A tal proposito, la Cassazione ricorda che la fruttuosità delle somme concesse a mutuo è presunta sia nella norma civilistica sia nel Tuir, tant’è che, in ambito fiscale, la disposizione contenuta nell’articolo 43 del Dpr 597/1973, concernente la determinazione del reddito di capitale ai fini Irpef, nel testo riferibile alla fattispecie ratione temporis, prevede, per presunzione, la produzione di interessi legali da capitali dati a mutuo. Tale presunzione può essere esclusa soltanto laddove sia acquisita la prova dell’esonero dall’obbligo del pagamento da parte del mutuatario.
In questa occasione la Corte ha ritenuto che l’articolo 43 si applichi anche alle società commerciali, giacché l’articolo 5 del previgente Dpr 598/1973, relativo alla determinazione del reddito complessivo Irpeg, estende ai contribuenti soggetti a tale imposta la normativa stabilita in materia di Irpef, salvo esplicite e diverse regolamentazioni (cfr Cassazione, sentenze nn. 10526/1994 e 9498/2008).

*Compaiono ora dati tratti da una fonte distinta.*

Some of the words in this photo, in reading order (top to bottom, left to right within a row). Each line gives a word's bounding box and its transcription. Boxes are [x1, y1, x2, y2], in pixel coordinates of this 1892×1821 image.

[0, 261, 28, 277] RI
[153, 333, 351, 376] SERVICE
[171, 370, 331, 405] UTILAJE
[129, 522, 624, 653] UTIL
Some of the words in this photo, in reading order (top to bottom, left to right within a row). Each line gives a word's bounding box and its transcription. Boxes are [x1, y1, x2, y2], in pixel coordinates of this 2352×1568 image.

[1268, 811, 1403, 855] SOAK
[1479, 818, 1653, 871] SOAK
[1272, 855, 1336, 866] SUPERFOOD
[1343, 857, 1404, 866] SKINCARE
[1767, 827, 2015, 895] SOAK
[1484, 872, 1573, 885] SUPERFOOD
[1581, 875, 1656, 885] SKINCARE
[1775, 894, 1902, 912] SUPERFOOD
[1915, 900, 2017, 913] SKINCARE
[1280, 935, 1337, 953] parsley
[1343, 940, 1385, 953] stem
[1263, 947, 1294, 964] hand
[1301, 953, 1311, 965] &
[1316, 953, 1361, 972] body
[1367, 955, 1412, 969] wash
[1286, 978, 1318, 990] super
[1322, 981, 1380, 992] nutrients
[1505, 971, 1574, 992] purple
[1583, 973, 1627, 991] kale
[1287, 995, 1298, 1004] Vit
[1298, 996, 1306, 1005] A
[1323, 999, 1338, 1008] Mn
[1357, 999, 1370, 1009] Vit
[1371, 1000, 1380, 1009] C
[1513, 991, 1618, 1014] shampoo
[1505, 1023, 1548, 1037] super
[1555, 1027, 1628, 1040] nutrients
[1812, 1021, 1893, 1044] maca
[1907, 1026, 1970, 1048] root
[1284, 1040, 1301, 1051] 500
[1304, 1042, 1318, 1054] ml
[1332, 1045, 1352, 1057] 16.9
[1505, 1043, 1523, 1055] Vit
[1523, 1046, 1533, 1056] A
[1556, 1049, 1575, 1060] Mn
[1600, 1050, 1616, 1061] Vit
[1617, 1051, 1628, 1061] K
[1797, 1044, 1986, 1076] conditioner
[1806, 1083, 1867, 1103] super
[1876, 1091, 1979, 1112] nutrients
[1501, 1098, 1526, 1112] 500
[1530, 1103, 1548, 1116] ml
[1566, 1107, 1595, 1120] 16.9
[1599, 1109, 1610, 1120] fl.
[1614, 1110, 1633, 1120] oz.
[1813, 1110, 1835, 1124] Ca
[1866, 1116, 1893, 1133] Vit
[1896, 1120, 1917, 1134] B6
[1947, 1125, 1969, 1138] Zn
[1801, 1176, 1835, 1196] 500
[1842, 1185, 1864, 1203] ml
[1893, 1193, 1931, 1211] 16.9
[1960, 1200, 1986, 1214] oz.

Peraltro, proprio con particolare riferimento a crediti fra società dello stesso gruppo, la Corte di legittimità ha affermato il principio secondo cui gli interessi attivi e passivi costituiscono, rispettivamente, entrate o uscite di ciascun contribuente e debbono essere specificamente conteggiati, in virtù dei principi di trasparenza contenuti nell’articolo 2423 del codice civile (Il bilancio deve essere redatto con chiarezza e deve rappresentare in modo veritiero e corretto la situazione patrimoniale e finanziaria della società e il risultato economico dell’esercizio). Non assuma alcun rilievo – a tal fine – il fatto che i rapporti di credito e debito, fonte degli interessi in questione, intercorrano fra società del medesimo gruppo, di guisa che agli effetti del gruppo si determini una mera partita di giro (Cassazione, sentenza n. 21157/2008).

È poi irrilevante, per l’effetto, la possibile asserzione secondo cui l’omessa contabilizzazione di interessi attivi e passivi non determinerebbe sottrazione di “materiale imponibile”, quando la Corte ha invece più volte affermato che i principi attinenti alla regolare registrazione di entrate e uscite debbono essere rigorosamente rispettati e il Fisco è legittimato a disconoscere ogni irregolarità, depennando una spesa conteggiata in annualità diversa rispetto a quella di pertinenza, ancorché la spesa possa essere correttamente dedotta in altra annualità, inserendo fra le poste attive interessi maturati a vantaggio del contribuente sebbene tali interessi possano costituire una passività nel bilancio di altra società collegata, tenuta a versarli (Cassazione, sentenza. n. 21158/2008).

Infine, secondo le stesse trame interpretative, proprio sulla base del principio antieconomico, l’eventuale non pagamento di interessi deve essere dimostrato dal contribuente e non provato dal Fisco.
Se è vero, infatti, che in tema di accertamento delle imposte sui redditi spetta all’Amministrazione finanziaria dimostrare l’esistenza dei fatti costitutivi della (maggiore) pretesa tributaria, fornendo quindi prova di elementi e circostanze a suo avviso rivelatori dell’esistenza di un maggiore imponibile, è altrettanto vero, però, che il contribuente, il quale intenda contestare la capacità dimostrativa di quei fatti, oppure sostenere l’esistenza di circostanze modificative o estintive dei medesimi, deve a sua volta dimostrare gli elementi sui quali le sue eccezioni si fondano.